Because Terry approved a more substantial intrusion upon the person (a limited patdown search for weapons) when a police officer possesses "articulable suspicion less than probable cause," 392 U.S. at 31, 88 S.Ct. at 1885, the Solomon court concluded that a temporary detention followed by a request for identification also was justifiable. 9 33 Cal.App.3d at 435-37, 108 Cal.Rptr. 867. The Solomon court applied the Terry test by balancing the public interest with the individual's right to personal security free from arbitrary interference by law officers. It found that "the public need involved, protection of society against crime, is strong, while the individual right involved, anonymity when loitering on the streets under suspicious circumstances, is weak." 33 Cal.App.3d at 436-37, 108 Cal.Rptr. 867.
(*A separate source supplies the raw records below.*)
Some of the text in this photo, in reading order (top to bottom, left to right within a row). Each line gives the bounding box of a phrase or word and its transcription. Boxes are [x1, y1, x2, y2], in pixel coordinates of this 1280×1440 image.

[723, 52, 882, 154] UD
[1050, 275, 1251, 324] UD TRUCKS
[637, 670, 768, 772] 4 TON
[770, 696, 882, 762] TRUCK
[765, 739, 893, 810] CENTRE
Although the prevention of crime is "a weighty social objective," Brown, 443 U.S. at 52, 99 S.Ct. at 2641, we agree with the courts and commentators who have concluded that statutes like section 647(e), which require the production of identification, are in violation of the fourth amendment. The two reasons for this conclusion are that as a result of the demand for identification, the statutes bootstrap the authority to arrest on less than probable cause, 10 and the serious intrusion on personal security outweighs the mere possibility that identification may provide a link leading to arrest.
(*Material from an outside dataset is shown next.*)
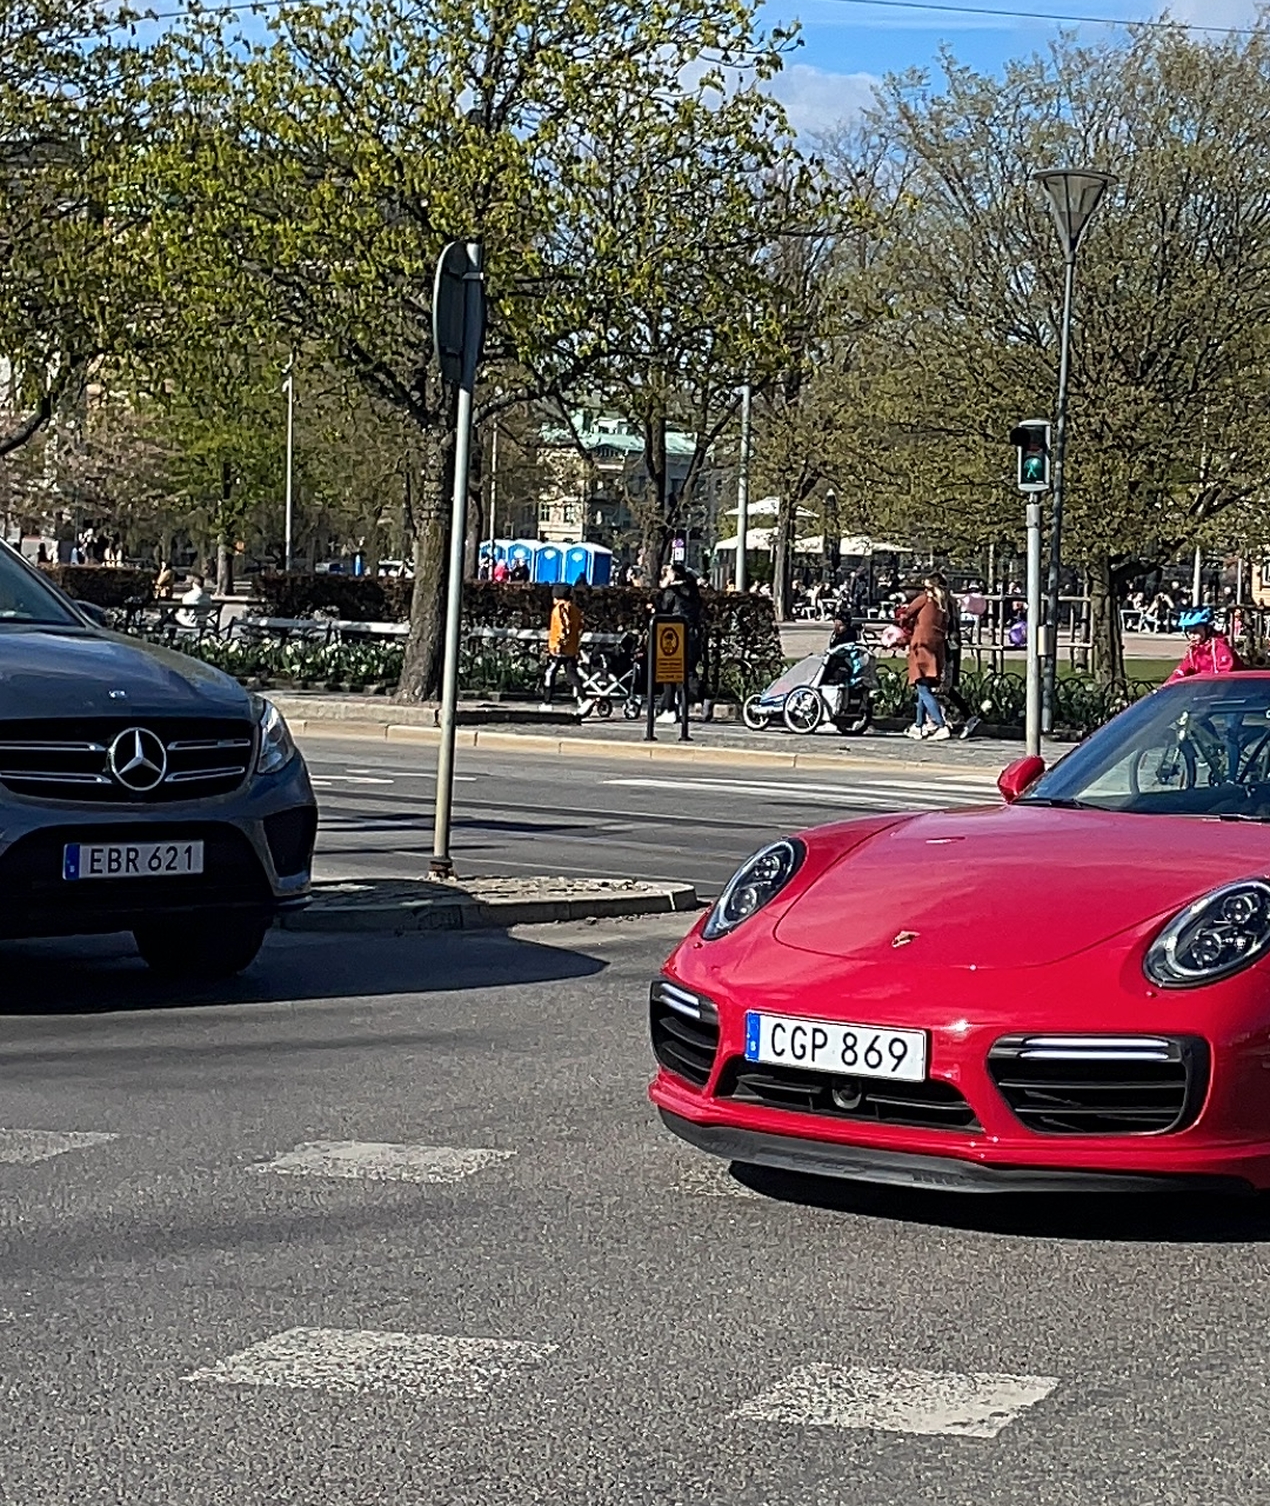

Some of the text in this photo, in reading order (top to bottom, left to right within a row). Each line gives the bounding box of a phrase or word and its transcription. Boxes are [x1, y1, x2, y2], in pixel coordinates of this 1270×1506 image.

[90, 845, 193, 873] EBR 621
[771, 1023, 908, 1072] CGP 869
The first reason was explained by the Second Circuit when it considered a New York vagrancy statute which, as written, was very similar to section 647(e) as construed by the Solomon court. 11 United States ex rel. Newsome v. Malcolm, 492 F.2d 1166, 1171-74 (2d Cir. 1974), aff'd sub nom. Lefkowitz, Attorney General of New York v. Newsome, 420 U.S. 283, 95 S.Ct. 886, 43 L.Ed.2d 196 (1975). In finding the statute unconstitutional, the Newsome court noted that such vagrancy statutes "conflict with the deeply rooted Fourth Amendment requirement that arrests must be predicated on probable cause." Id. at 1172.

As we stated in Powell, this vagrancy ordinance subverts the probable cause requirement.

It authorizes arrest and conviction for conduct that is no more than suspicious. A legislature could not reduce the standard for arrest from probable cause to suspicion; and it may not accomplish the same result indirectly by making suspicious conduct a substantive offense. Vagrancy statutes do just that, for they authorize arrest and conviction for the vagrancy offense if there are reasonable grounds to suspect that the accused may have committed, or if left at large will commit, a more serious offense. Police are duty-bound to investigate suspicious conduct, and founded suspicion will support an investigative stop and inquiry. But more is required to justify arrest.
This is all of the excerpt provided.